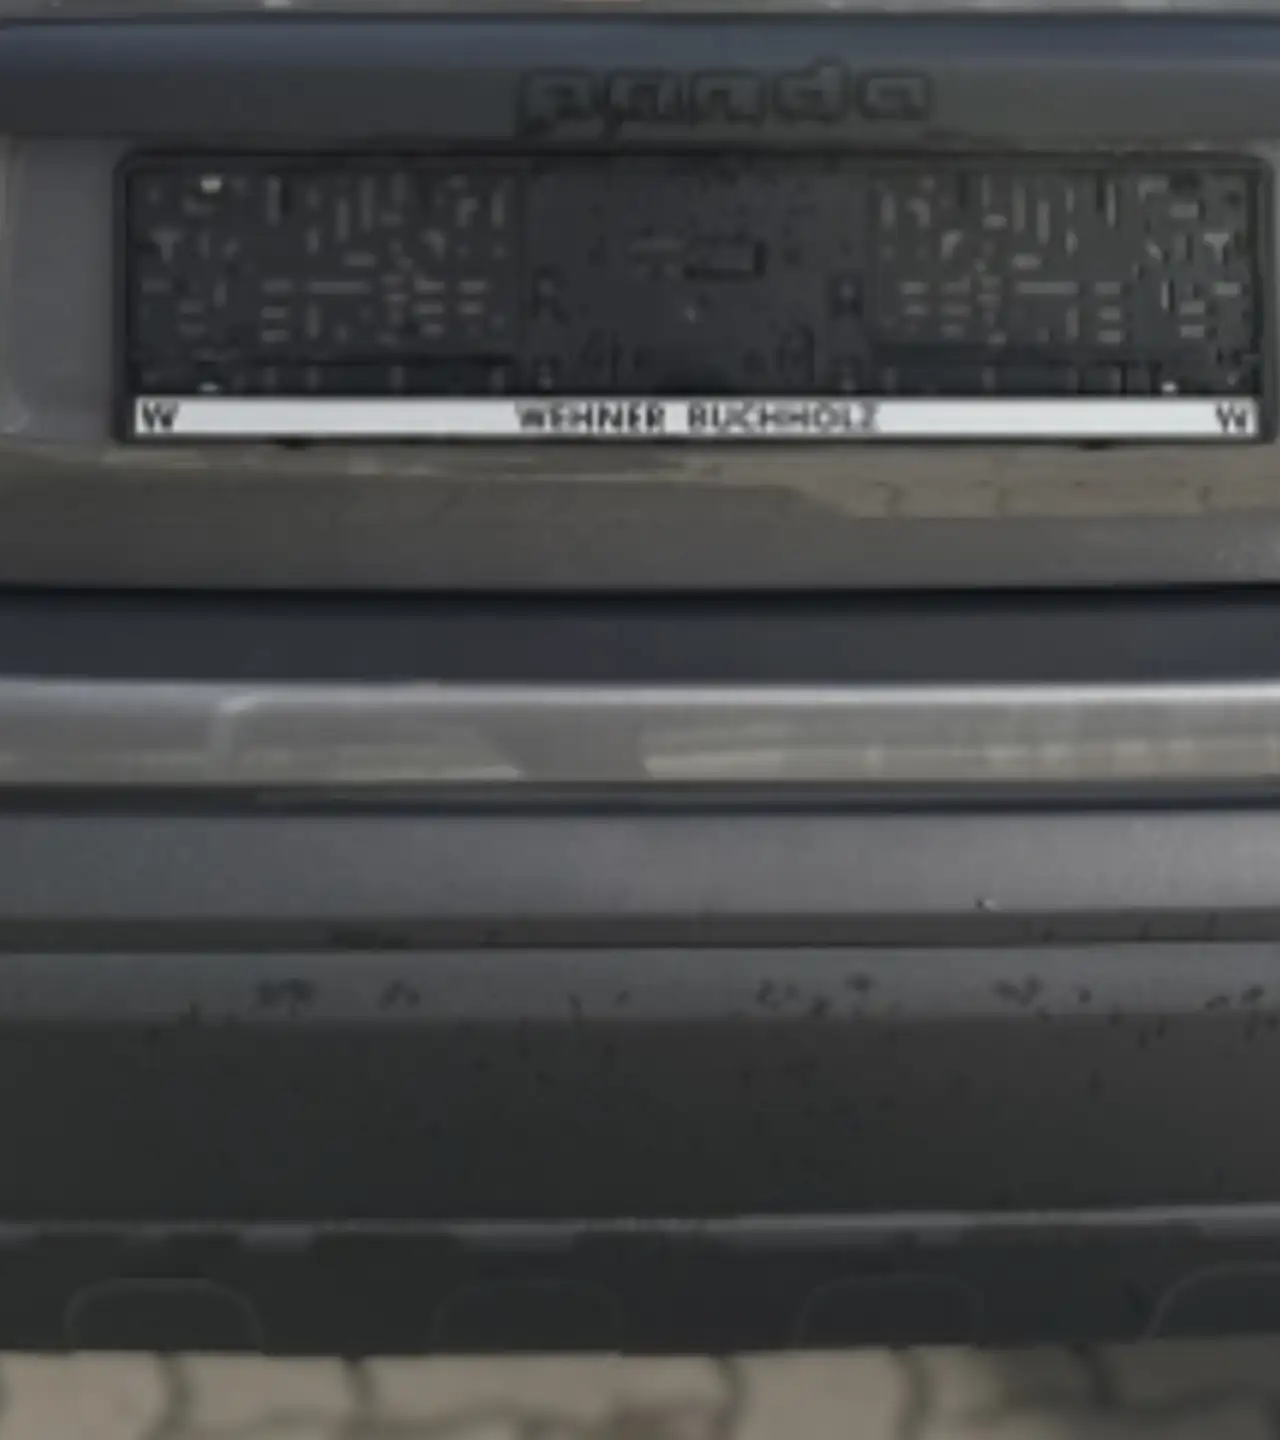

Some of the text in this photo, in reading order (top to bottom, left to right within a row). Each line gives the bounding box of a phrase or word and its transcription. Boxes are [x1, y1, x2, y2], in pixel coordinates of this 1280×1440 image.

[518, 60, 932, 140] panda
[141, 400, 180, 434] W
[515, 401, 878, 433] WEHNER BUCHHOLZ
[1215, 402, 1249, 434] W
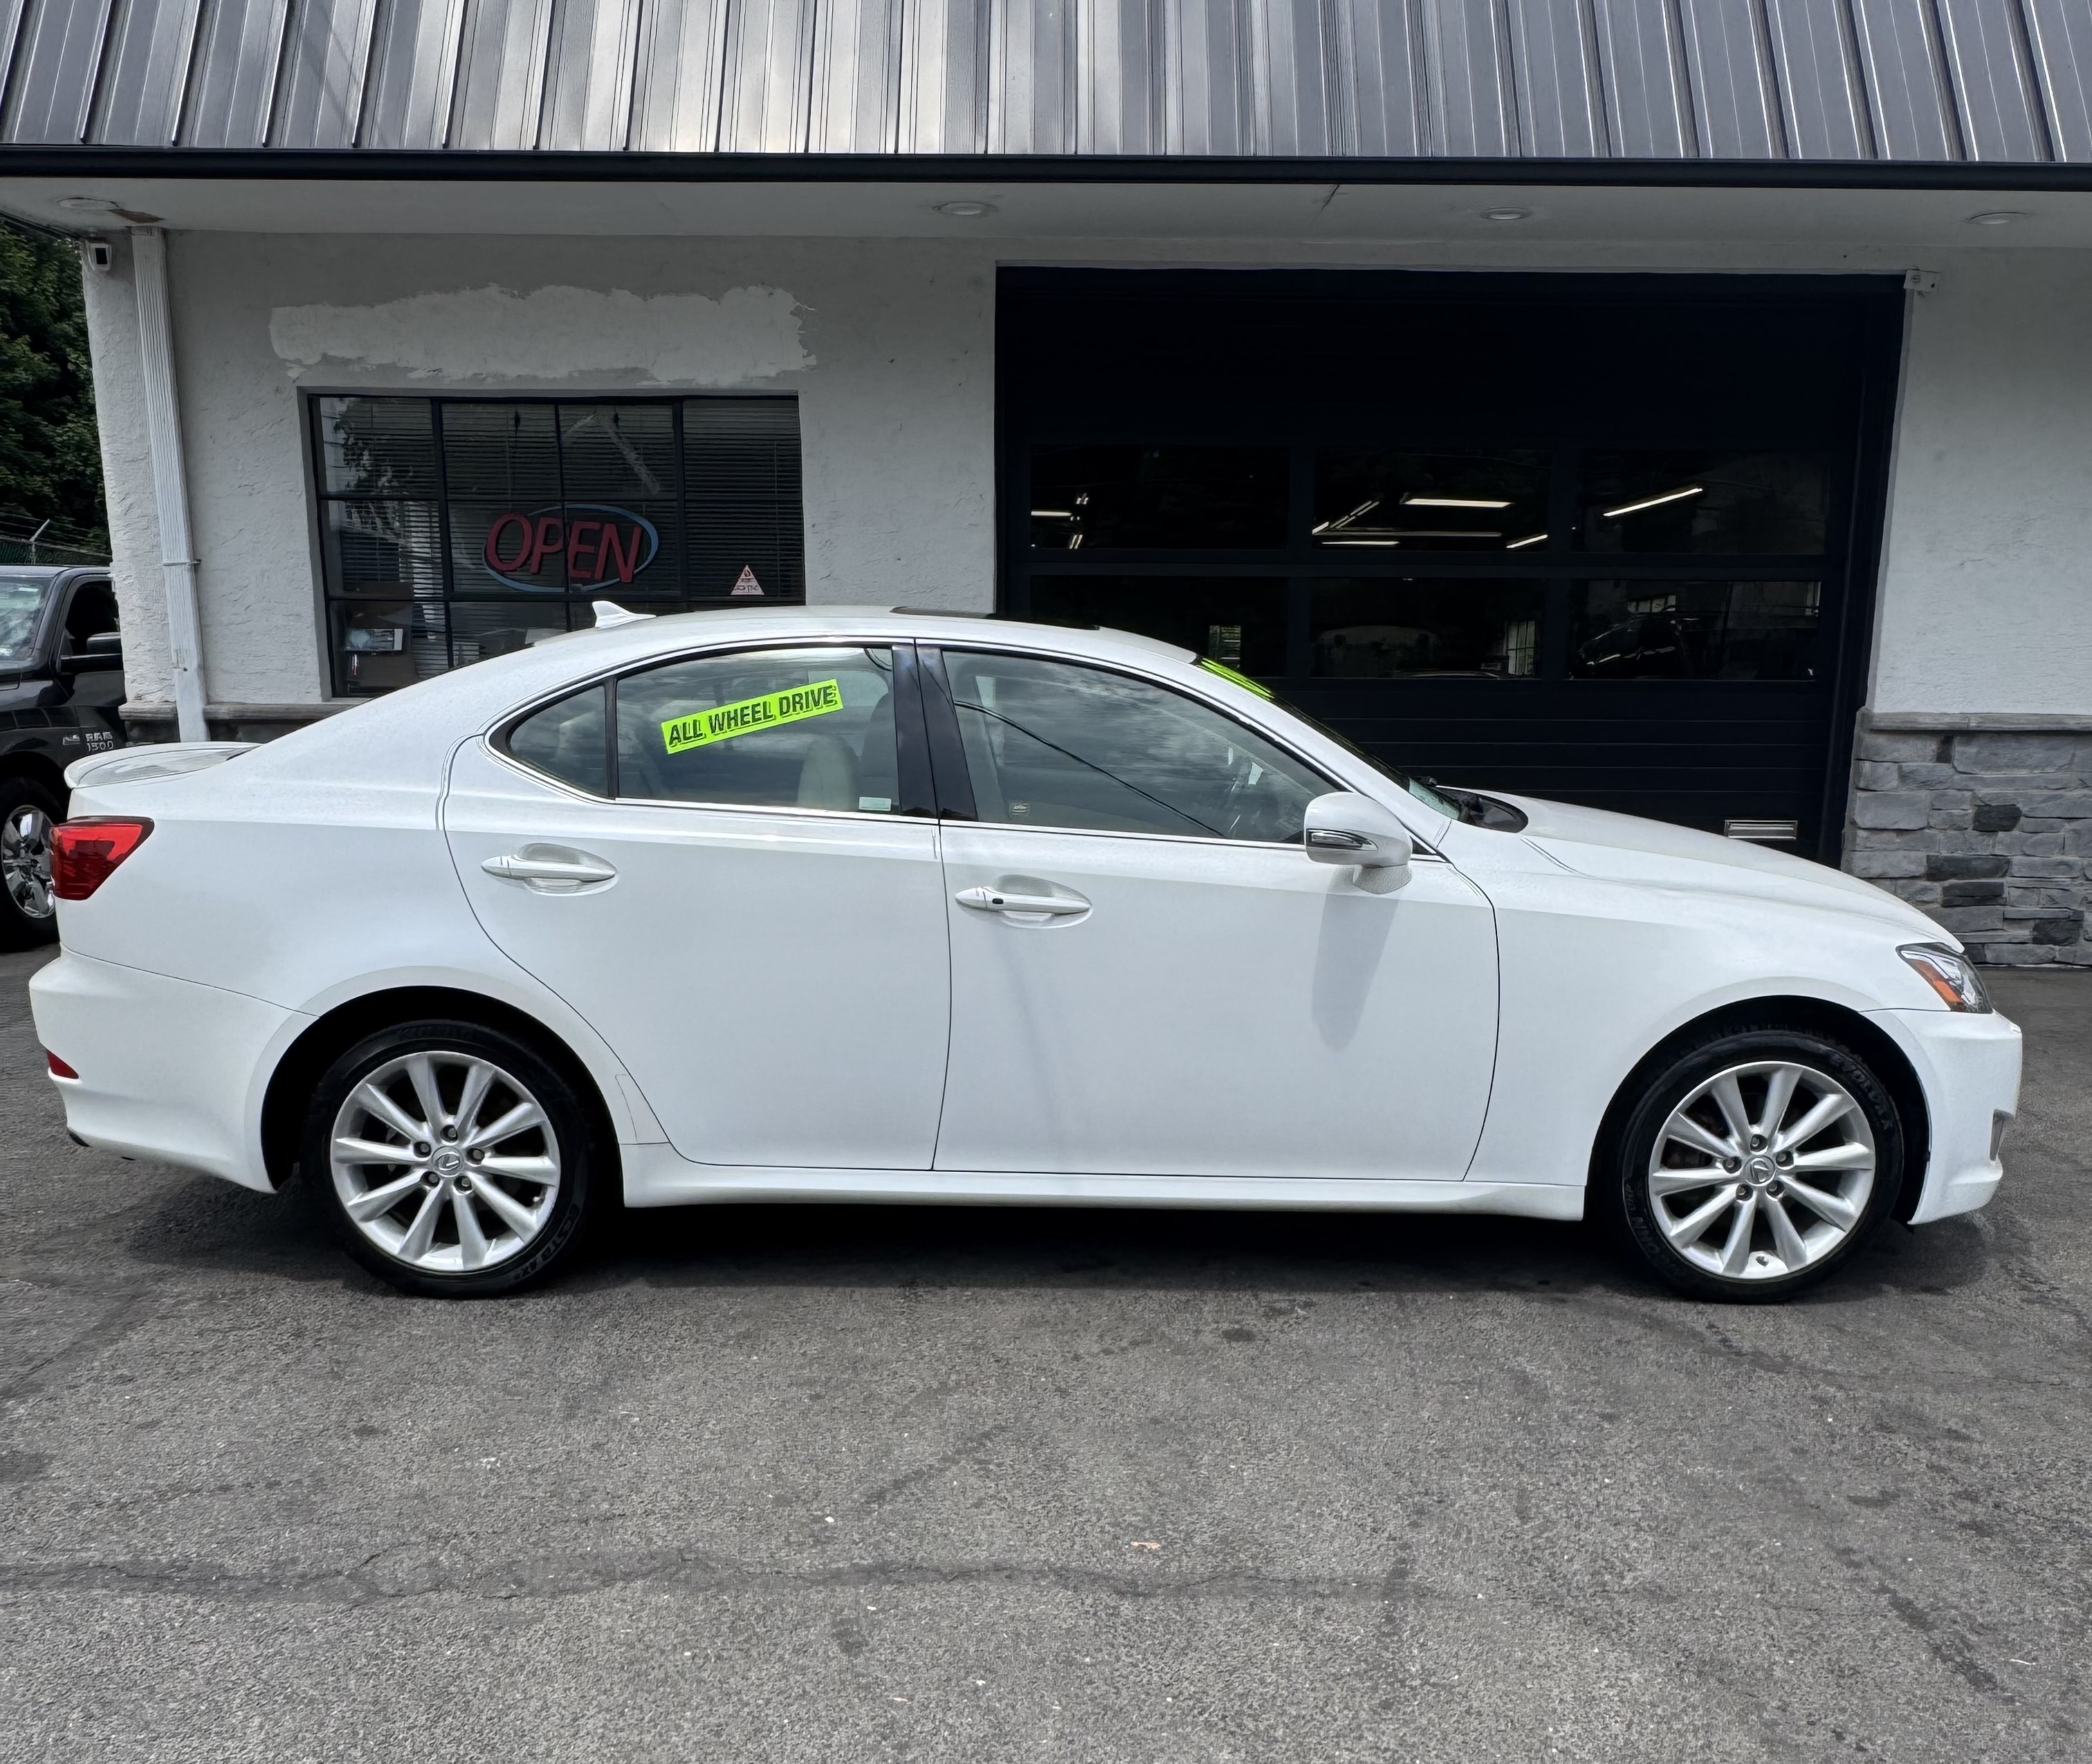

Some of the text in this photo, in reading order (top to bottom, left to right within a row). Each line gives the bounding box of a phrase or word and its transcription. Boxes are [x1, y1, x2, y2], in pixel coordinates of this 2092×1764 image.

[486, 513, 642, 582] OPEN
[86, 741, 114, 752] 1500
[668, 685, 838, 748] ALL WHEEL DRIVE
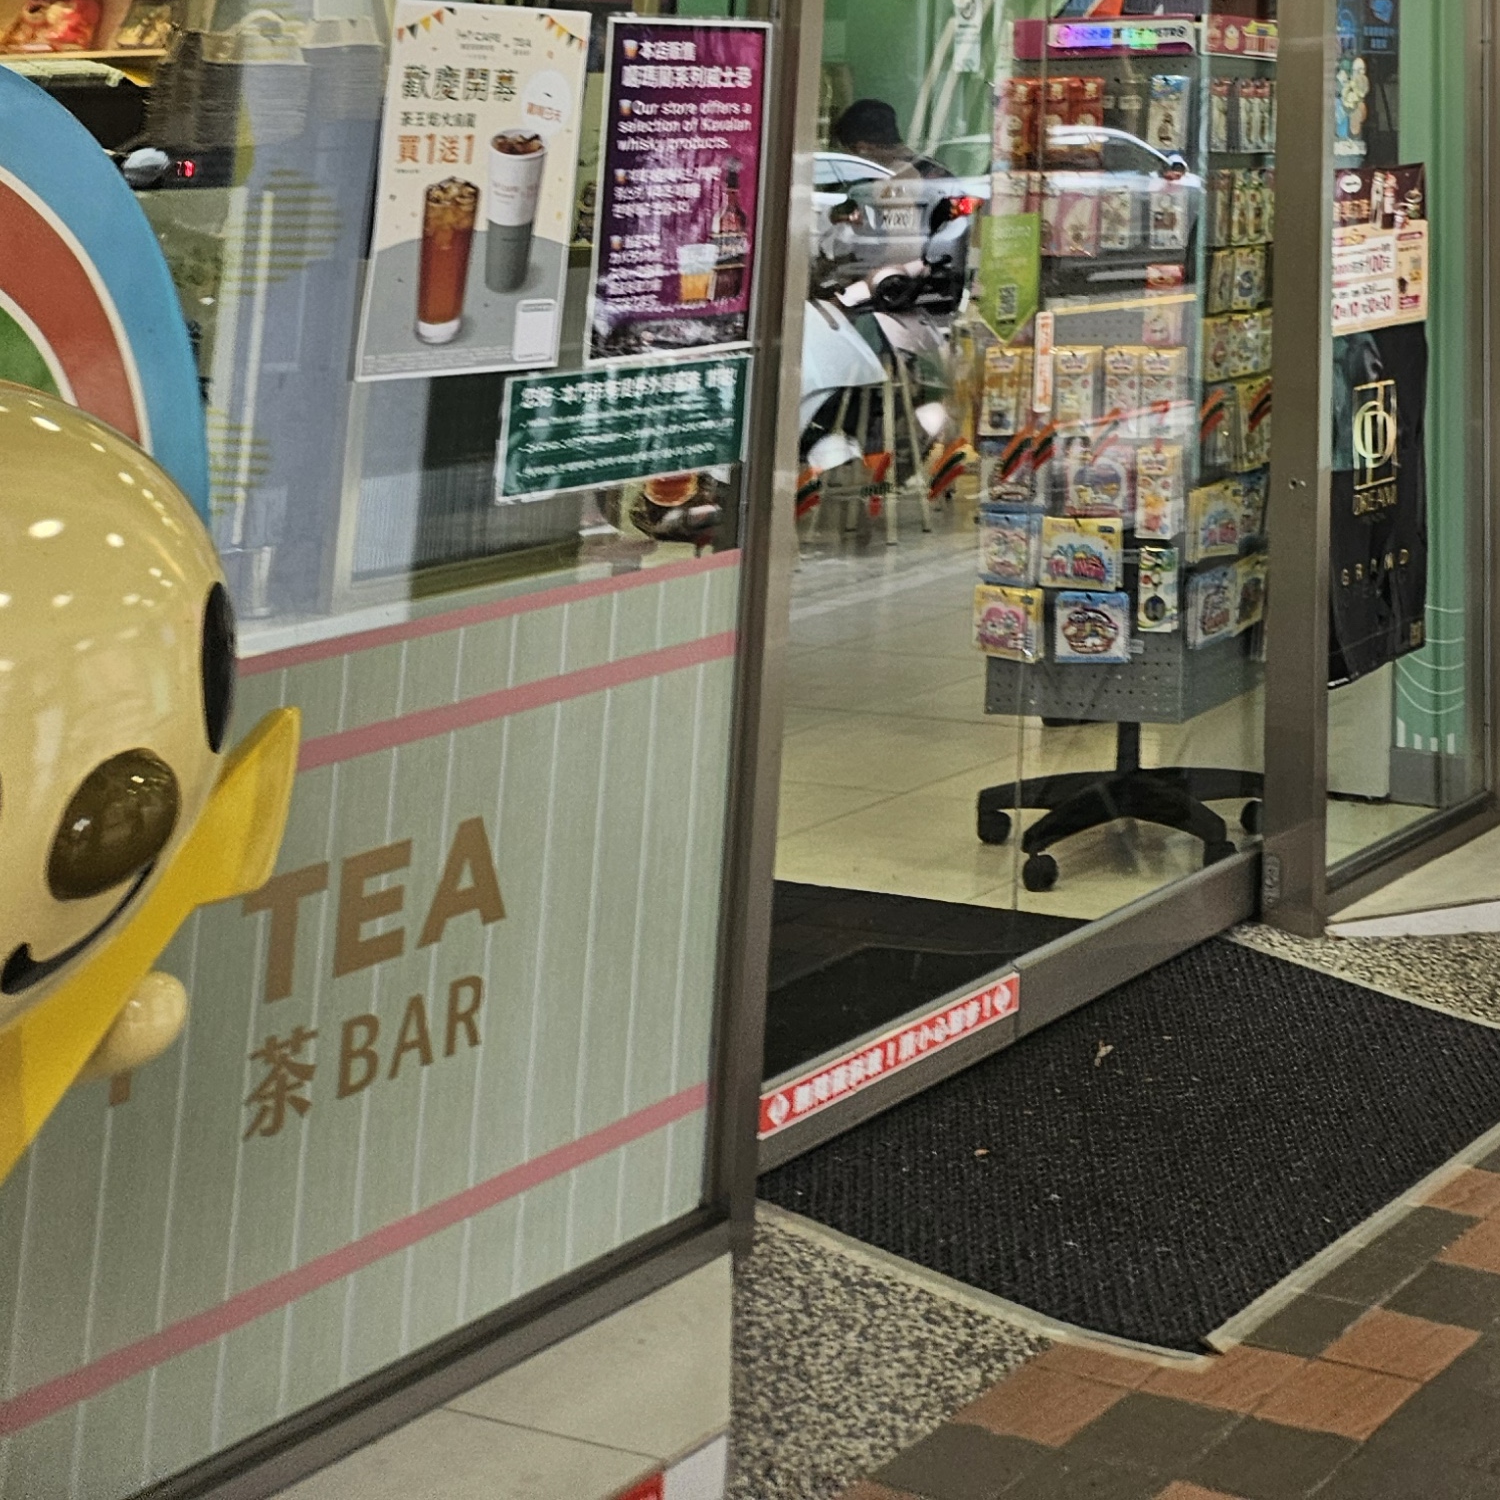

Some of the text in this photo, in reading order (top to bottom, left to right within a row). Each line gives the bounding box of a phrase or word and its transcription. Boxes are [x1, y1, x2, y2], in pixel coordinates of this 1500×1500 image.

········

With the pictures left out, output exactly the lines that begin at the line containing "this 2092×1764 image." and end at the last line of the material.

Some of the text in this photo, in reading order (top to bottom, left to right within a row). Each line gives the bounding box of a phrase or word and its transcription. Boxes are [x1, y1, x2, y2], in pixel coordinates of this 2092×1764 image.

[486, 513, 642, 582] OPEN
[86, 741, 114, 752] 1500
[668, 685, 838, 748] ALL WHEEL DRIVE

Some of the text in this photo, in reading order (top to bottom, left to right within a row). Each line gives the bounding box of a phrase or word and its transcription. Boxes are [x1, y1, x2, y2], in pixel coordinates of this 1500×1500 image.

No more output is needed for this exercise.